1. What Data We Collect

Account information

When you create an account, we collect your email address and a hashed password. If you sign in via a social login provider (Google, X/Twitter, Facebook), we also receive your name and profile picture from that provider. We store this to create and identify your account.

Content you create

Ideas, comments, votes, and any other content you submit are stored in our database and associated with your account. This content is generally public.

Usage data

We collect anonymised, aggregate analytics about how people use the platform — pages visited, features used, and so on — using Google Analytics (see third-party services below). This data is aggregated and not linked to individual identities.

Payment information

If you purchase a subscription, payment is handled entirely by Lemon Squeezy. We receive a record of the subscription (plan, status, renewal date) but never see your card details.

Error and diagnostic data

We log application errors to help us diagnose and fix bugs. Error logs may include your user ID and the page you were on when the error occurred.

2. Third-Party Services

Wishbullet relies on the following third-party services. Each processes data in accordance with its own privacy policy.

  • Better Auth — authentication. Handles sign-in, sign-up, password reset, and session management. Account data is stored in our PostgreSQL database.
  • Cloudflare R2 — image and file storage. Uploaded images (cover photos, entity logos) are stored and served via Cloudflare's global CDN.
  • Resend — transactional email. We use Resend to send notifications such as subscription confirmations and council decisions. We pass your email address to Resend solely for delivery.
  • Lemon Squeezy — payment processing and subscription management. Subject to their privacy policy and PCI-DSS compliance.
  • Google Analytics — usage analytics. We use Google Analytics to understand aggregate usage patterns. You can opt out via browser extensions or cookie settings.

3. Cookies

We use a small number of cookies:

  • Auth session cookie — set by Better Auth when you sign in. Required to keep you logged in. Expires when you sign out or after a period of inactivity.
  • Theme preference — stores your light/dark mode choice. No personal data.
  • Google Analytics cookies — set by Google Analytics to distinguish users and sessions for aggregate usage reporting. You can opt out via browser extensions or your browser's cookie settings.

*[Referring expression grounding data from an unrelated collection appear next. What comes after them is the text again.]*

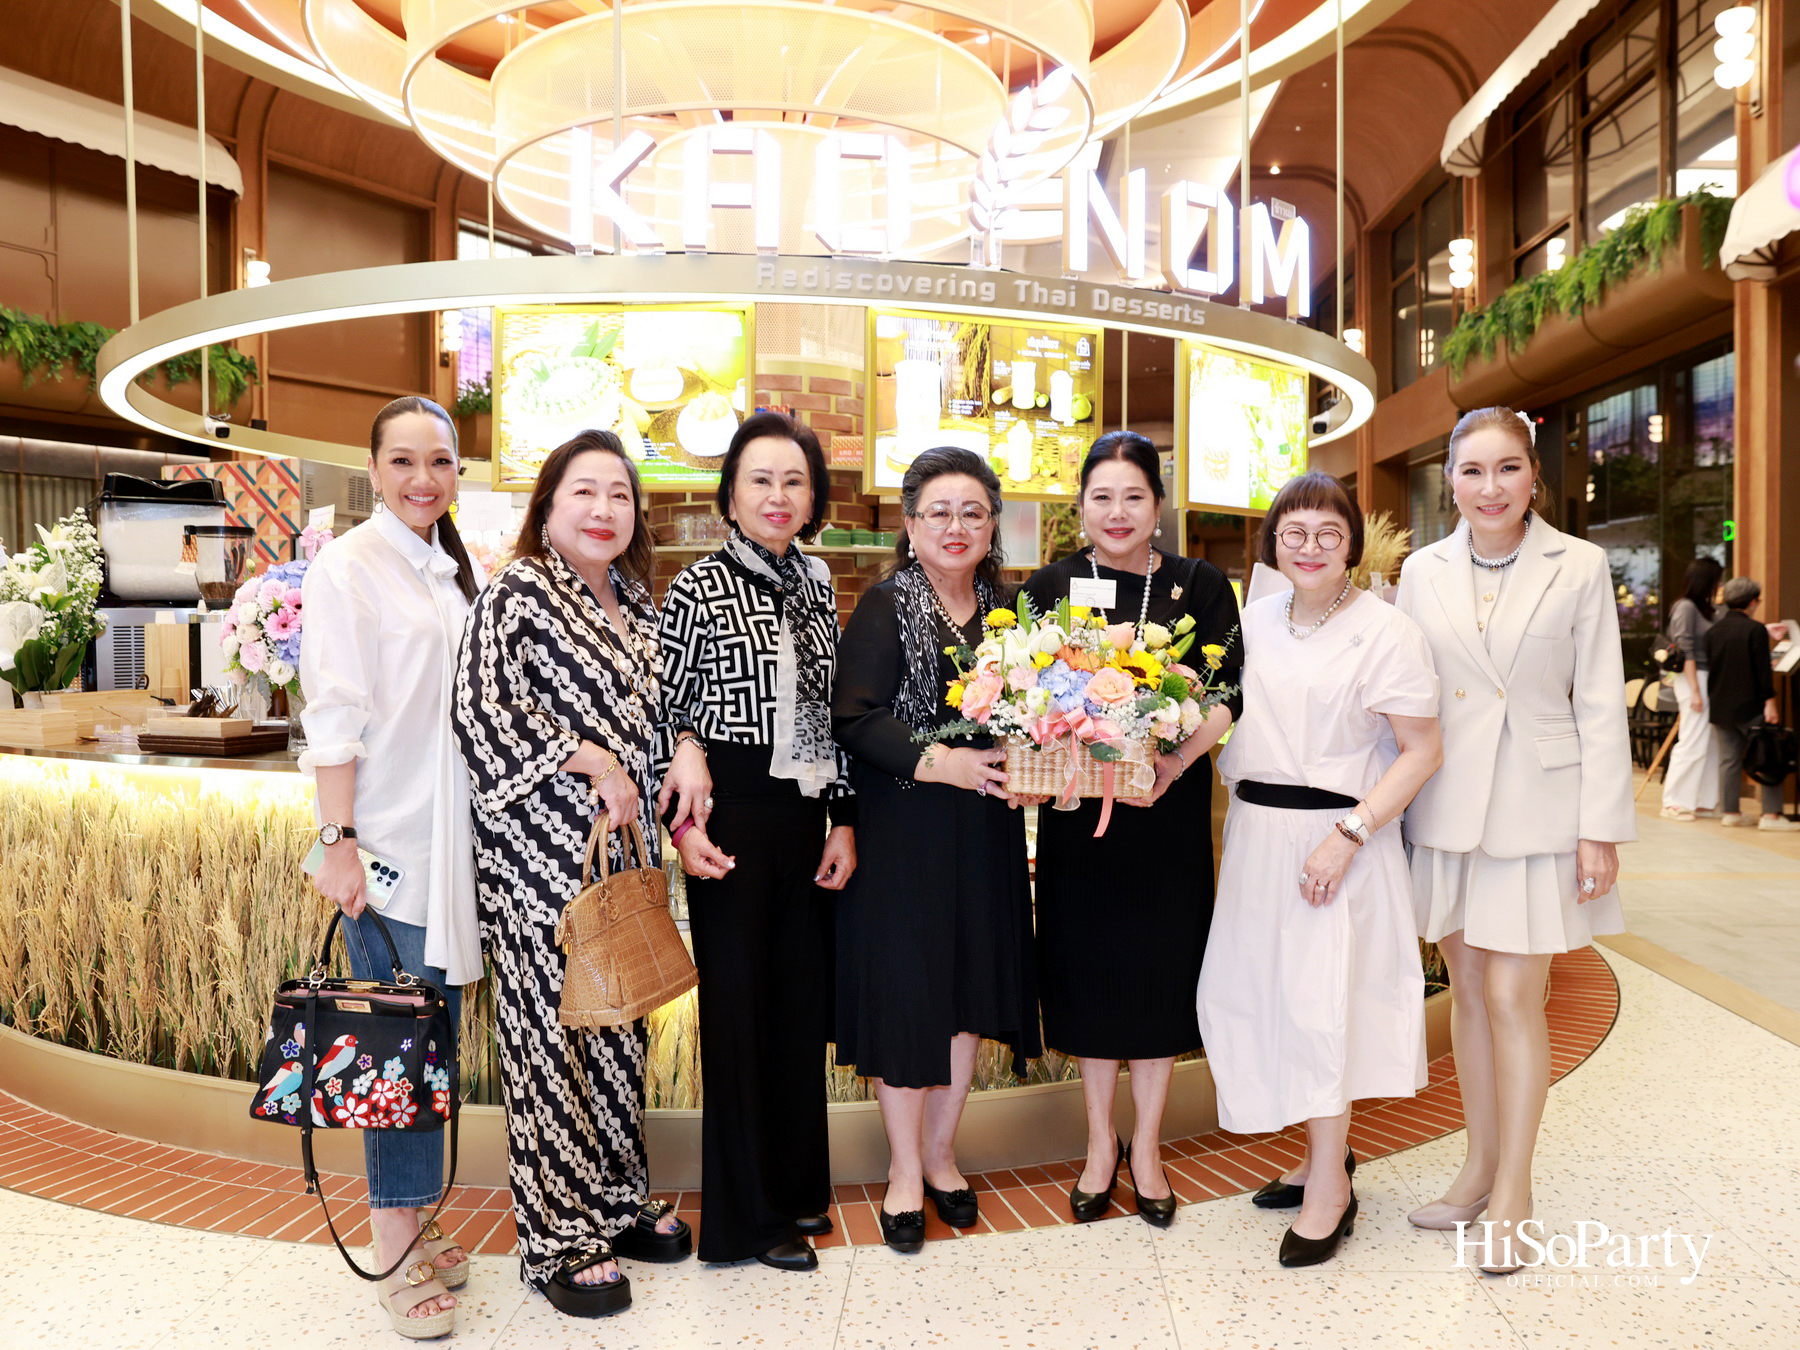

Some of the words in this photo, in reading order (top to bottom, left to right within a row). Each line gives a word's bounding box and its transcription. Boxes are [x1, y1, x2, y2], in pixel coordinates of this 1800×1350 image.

[570, 126, 912, 254] KAO
[1063, 163, 1311, 318] NOM
[757, 262, 997, 303] Rediscovering
[1014, 279, 1076, 308] Thai
[1093, 288, 1206, 326] Desserts

We do not use advertising cookies or any third-party tracking cookies beyond those listed above. See our Cookie Policy for the full list.

4. How We Use Your Data

We use the data we collect to:

  • Operate and improve the platform.
  • Authenticate you and protect your account.
  • Display your content to other users.
  • Send transactional emails you've requested or that are necessary for the service (e.g. payment receipts).
  • Diagnose and fix technical issues.
  • Understand aggregate usage patterns to improve the product.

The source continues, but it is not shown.